Task brief.
Omitting all images, set down every line below exactly as it appears.

Recorded information.
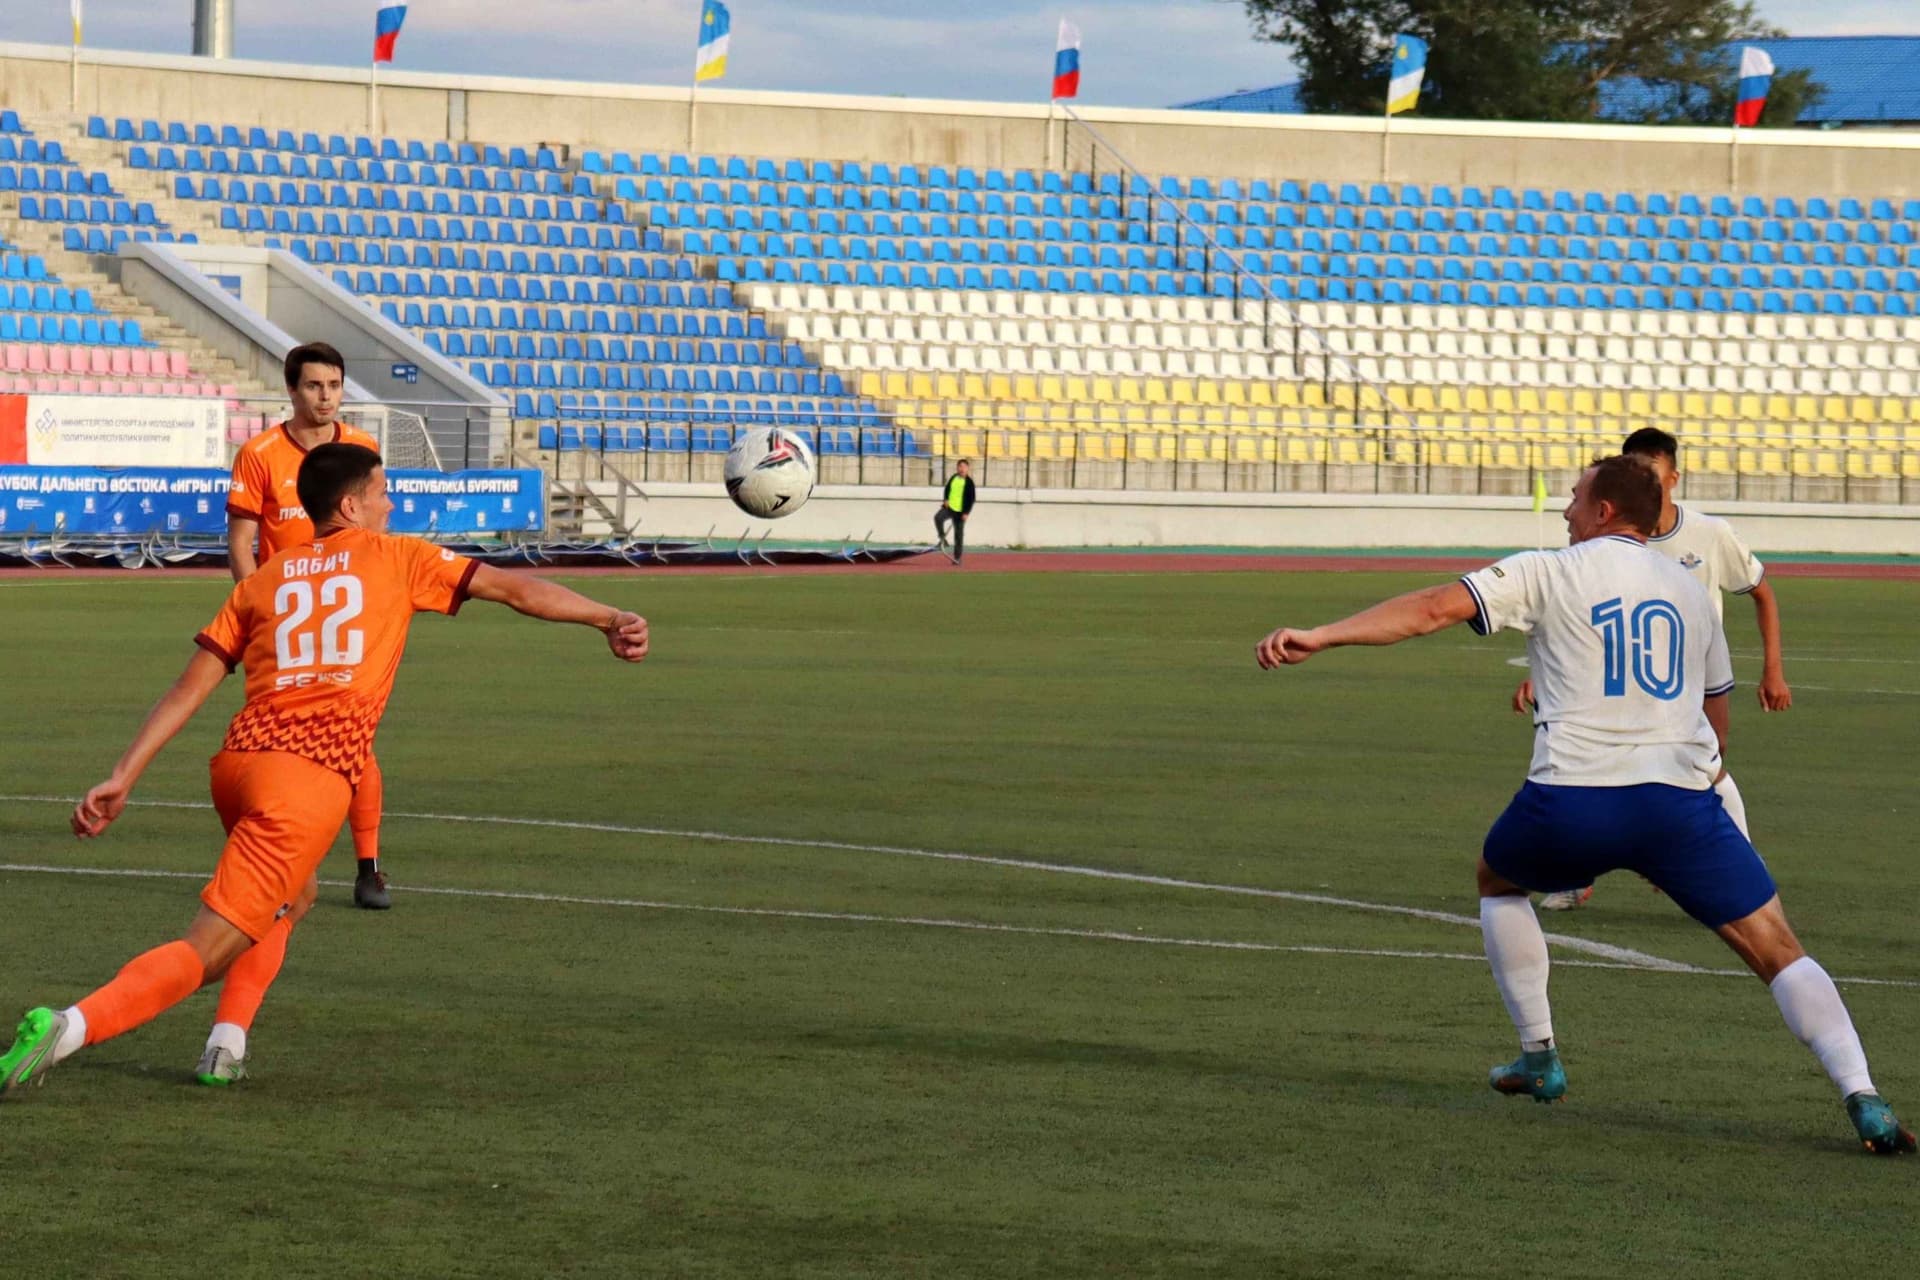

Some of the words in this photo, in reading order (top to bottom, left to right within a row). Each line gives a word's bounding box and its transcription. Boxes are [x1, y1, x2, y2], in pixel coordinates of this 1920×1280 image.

[40, 476, 108, 493] ДАЛЬНЕГО
[110, 477, 168, 493] ВОСТОКА
[396, 479, 465, 493] РЕСПУБЛИКА
[467, 479, 519, 493] БУРЯТИЯ
[283, 551, 350, 579] БАБИЧ
[274, 575, 364, 671] 22
[1591, 597, 1685, 700] 10
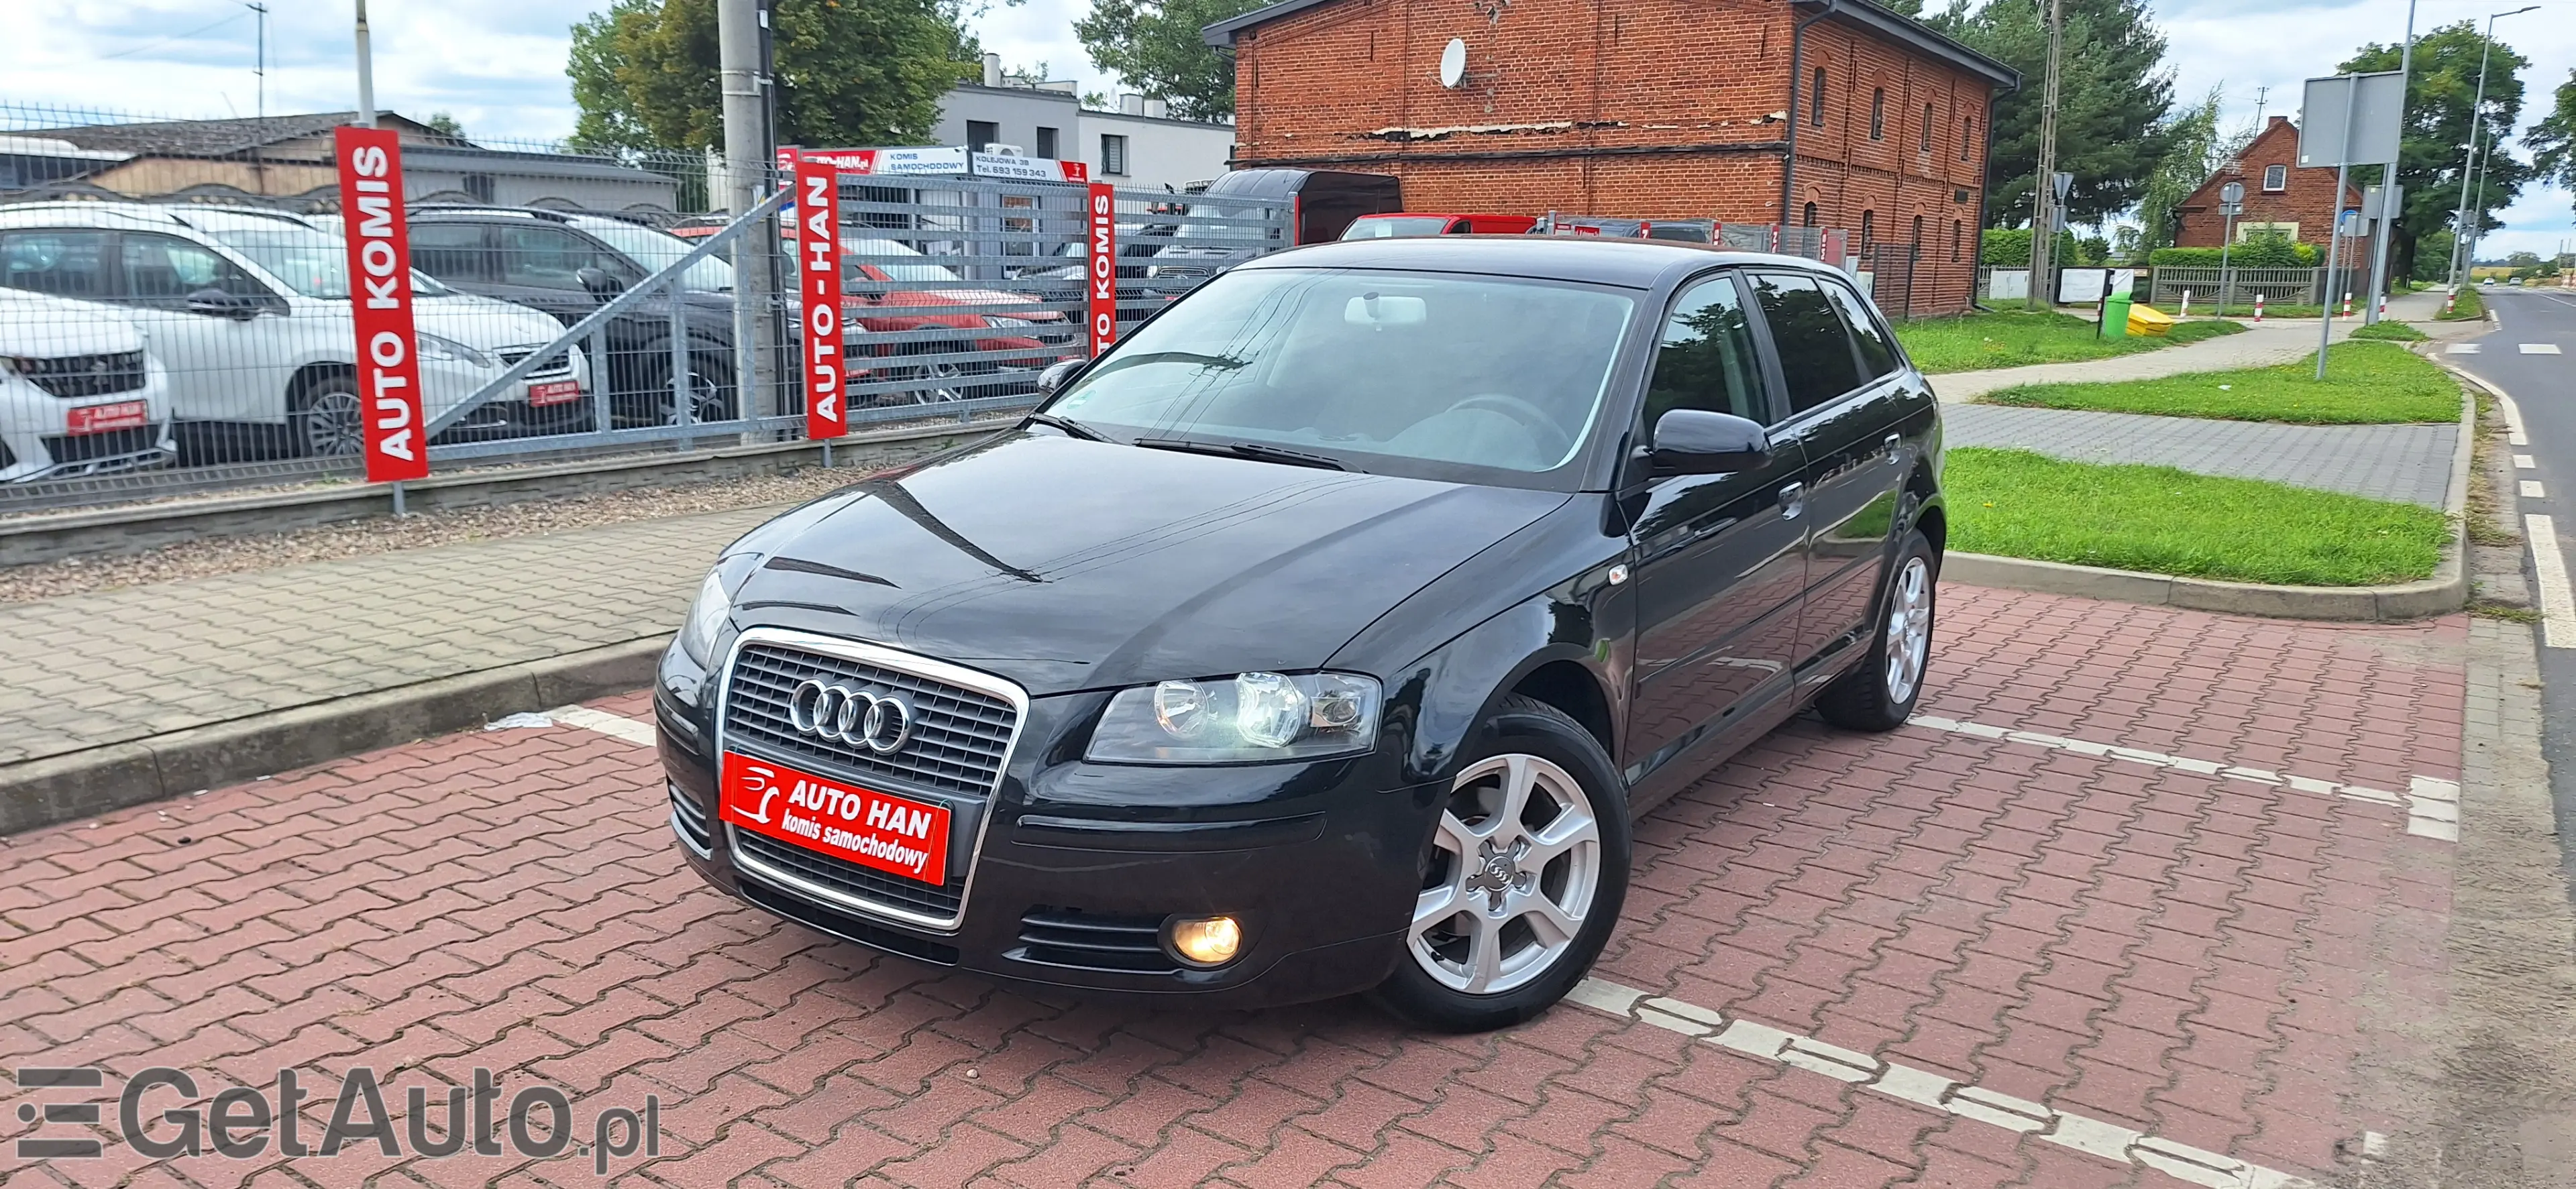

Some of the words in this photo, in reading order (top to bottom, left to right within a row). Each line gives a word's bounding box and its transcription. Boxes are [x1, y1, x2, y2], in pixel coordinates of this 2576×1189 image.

[890, 162, 965, 170] SAMOCHODOWY
[976, 156, 1016, 165] KOLEJOWA
[977, 165, 991, 173] Tel.
[993, 166, 1010, 174] 693
[1012, 168, 1028, 176] 159
[1029, 169, 1046, 177] 343
[352, 145, 400, 310] KOMIS
[1095, 194, 1110, 299] KOMIS
[1097, 313, 1111, 356] TO
[370, 330, 414, 461] AUTO
[788, 779, 862, 821] AUTO
[866, 799, 932, 840] HAN
[782, 808, 822, 840] komis
[822, 826, 928, 874] samochodowy

Reply to the exercise.
Some of the words in this photo, in reading order (top to bottom, left to right within a row). Each line gives a word's bounding box and its transcription. Boxes are [x1, y1, x2, y2], in pixel coordinates of this 1920×1280 image.

[40, 476, 108, 493] ДАЛЬНЕГО
[110, 477, 168, 493] ВОСТОКА
[396, 479, 465, 493] РЕСПУБЛИКА
[467, 479, 519, 493] БУРЯТИЯ
[283, 551, 350, 579] БАБИЧ
[274, 575, 364, 671] 22
[1591, 597, 1685, 700] 10

Some of the words in this photo, in reading order (top to bottom, left to right within a row). Each line gives a word's bounding box and its transcription. Boxes are [x1, y1, x2, y2], in pixel coordinates of this 2576×1189 image.

[890, 162, 965, 170] SAMOCHODOWY
[976, 156, 1016, 165] KOLEJOWA
[977, 165, 991, 173] Tel.
[993, 166, 1010, 174] 693
[1012, 168, 1028, 176] 159
[1029, 169, 1046, 177] 343
[352, 145, 400, 310] KOMIS
[1095, 194, 1110, 299] KOMIS
[1097, 313, 1111, 356] TO
[370, 330, 414, 461] AUTO
[788, 779, 862, 821] AUTO
[866, 799, 932, 840] HAN
[782, 808, 822, 840] komis
[822, 826, 928, 874] samochodowy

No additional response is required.